**EXERCISE DESCRIPTION:**
What you return should be the line containing "this 2212×1658 image." and each line after it to the end of the records, copied exactly.

[Start of section]

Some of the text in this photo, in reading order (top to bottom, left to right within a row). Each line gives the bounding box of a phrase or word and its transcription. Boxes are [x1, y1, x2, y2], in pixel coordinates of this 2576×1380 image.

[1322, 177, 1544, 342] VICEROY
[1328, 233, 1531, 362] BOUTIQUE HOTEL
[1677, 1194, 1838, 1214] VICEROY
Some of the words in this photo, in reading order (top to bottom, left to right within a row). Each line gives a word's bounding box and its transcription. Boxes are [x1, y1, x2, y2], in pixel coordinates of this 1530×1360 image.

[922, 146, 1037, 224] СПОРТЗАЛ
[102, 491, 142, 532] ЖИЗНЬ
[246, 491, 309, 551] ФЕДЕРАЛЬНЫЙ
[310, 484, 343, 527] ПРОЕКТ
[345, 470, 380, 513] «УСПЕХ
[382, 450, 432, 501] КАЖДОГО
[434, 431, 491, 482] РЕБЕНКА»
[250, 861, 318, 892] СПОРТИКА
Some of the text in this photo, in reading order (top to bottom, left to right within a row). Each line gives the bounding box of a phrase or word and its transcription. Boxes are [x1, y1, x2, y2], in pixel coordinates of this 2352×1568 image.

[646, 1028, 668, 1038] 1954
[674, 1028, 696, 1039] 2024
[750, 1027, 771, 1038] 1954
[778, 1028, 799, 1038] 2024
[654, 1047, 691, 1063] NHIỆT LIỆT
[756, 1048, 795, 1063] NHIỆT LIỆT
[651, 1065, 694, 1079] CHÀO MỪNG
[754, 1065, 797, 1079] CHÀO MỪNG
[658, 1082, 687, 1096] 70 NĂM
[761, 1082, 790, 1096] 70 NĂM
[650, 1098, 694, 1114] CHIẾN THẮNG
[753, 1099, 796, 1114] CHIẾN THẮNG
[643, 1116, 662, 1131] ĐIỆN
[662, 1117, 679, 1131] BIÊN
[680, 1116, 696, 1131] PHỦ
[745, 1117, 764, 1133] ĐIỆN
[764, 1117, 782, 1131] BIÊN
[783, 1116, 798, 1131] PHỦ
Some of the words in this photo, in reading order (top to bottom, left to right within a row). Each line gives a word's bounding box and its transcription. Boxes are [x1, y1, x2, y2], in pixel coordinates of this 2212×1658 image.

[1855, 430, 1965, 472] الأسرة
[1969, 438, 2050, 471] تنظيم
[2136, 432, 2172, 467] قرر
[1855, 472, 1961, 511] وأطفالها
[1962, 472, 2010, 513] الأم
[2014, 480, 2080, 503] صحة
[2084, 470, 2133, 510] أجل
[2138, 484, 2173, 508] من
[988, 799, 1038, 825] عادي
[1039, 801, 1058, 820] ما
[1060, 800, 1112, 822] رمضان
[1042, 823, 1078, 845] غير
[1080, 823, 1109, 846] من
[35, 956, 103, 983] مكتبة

[End of section]

**SOLVED EXERCISE:**
Some of the words in this photo, in reading order (top to bottom, left to right within a row). Each line gives a word's bounding box and its transcription. Boxes are [x1, y1, x2, y2], in pixel coordinates of this 2212×1658 image.

[1855, 430, 1965, 472] الأسرة
[1969, 438, 2050, 471] تنظيم
[2136, 432, 2172, 467] قرر
[1855, 472, 1961, 511] وأطفالها
[1962, 472, 2010, 513] الأم
[2014, 480, 2080, 503] صحة
[2084, 470, 2133, 510] أجل
[2138, 484, 2173, 508] من
[988, 799, 1038, 825] عادي
[1039, 801, 1058, 820] ما
[1060, 800, 1112, 822] رمضان
[1042, 823, 1078, 845] غير
[1080, 823, 1109, 846] من
[35, 956, 103, 983] مكتبة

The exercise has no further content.